Он взглянул на меня, затаив дыхание.
— Вы говорили, что Сато Мигусё был вашим любимым режиссером, вашим наставником, почти отцом. Так?
Набико кивнул.
— Тогда почему вы его убили?
18
Застыв на стуле, он тупо смотрел на меня. Мгновение мы оба не шевелились. Было слышно, как пленка шлепает о проектор и шумит вентилятор лампы. Набико, не отрывая от меня взгляда, медленно встал и сделал шаг ко мне. Я напрягся. Он выключил проектор. Конец пленки крутнулся несколько раз и замер.
Набико снова сел на стул рядом с тумбочкой. Сделал долгий выдох, как бы готовясь к разговору. Но вместо этого вытянул из тумбочки ящик. Быстро сунув туда руку, достал полуавтоматическую девятимиллиметровую «беретту». Похоже, он знал, как с ней обращаться.
Наведя на меня пистолет, он впервые за весь вечер искренне улыбнулся. Затем встал и жестом велел мне следовать на кухню. Я сделал четыре шага и сел на стул. Подтянув другой стул, он сел напротив, благоразумно соблюдая дистанцию. Он внимательно за мной наблюдал, стараясь оценить мою реакцию. Я вообще уже не реагировал.
— Есть очень много такого, чего никто не знает о Сато Мигусё, — серьезно сказал он. Обдумав этот факт, он продолжил: — Полагаю, правильнее будет сказать, что есть такое, чего о нем не знает никто в мире. Никто, кроме меня.
— Скажем, как он на самом деле умер.
Набико усмехнулся, как будто я неудачно пошутил:
— Как он умер, знают все. Задохнулся от дыма. Я говорю о том, что было раньше. О предыстории его характера, его подоплеке, если угодно. — Он умолк и зашмыгал носом.
Такого тона я не ожидал.
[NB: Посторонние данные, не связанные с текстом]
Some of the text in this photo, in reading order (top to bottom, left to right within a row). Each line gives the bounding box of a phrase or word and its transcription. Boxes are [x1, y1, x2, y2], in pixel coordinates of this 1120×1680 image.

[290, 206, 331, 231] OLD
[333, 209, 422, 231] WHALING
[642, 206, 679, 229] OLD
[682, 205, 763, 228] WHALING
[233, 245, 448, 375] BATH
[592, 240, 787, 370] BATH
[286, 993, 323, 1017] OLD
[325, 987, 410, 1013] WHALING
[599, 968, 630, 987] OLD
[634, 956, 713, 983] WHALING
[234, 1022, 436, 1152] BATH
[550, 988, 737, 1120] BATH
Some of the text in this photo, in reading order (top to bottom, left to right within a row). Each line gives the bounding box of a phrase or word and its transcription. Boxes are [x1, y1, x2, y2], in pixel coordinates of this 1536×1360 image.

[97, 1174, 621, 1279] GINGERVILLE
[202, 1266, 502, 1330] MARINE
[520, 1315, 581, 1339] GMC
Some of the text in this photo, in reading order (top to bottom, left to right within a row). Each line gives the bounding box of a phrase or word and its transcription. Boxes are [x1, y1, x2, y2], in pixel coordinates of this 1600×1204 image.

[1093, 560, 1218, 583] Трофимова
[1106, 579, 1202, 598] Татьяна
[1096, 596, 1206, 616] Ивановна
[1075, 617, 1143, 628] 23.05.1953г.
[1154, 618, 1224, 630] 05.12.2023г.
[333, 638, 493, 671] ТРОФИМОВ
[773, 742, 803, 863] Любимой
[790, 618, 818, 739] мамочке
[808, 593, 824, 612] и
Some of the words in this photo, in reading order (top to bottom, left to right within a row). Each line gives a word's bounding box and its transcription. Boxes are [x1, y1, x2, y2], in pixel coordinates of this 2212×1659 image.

Я ждал надменности злодея, который толкует о своем главном преступлении герою, держа его на мушке. Но Набико был просто печален, ни капли самодовольства. Слова застревали у него в глотке.
— Многие считают, убеждены, что истинно великие люди, особенно в искусстве, не вписываются в рамки обычной морали. Ради достижения величия они могут делать то, что других отталкивает. — Он запнулся. Он не мог посмотреть мне в глаза.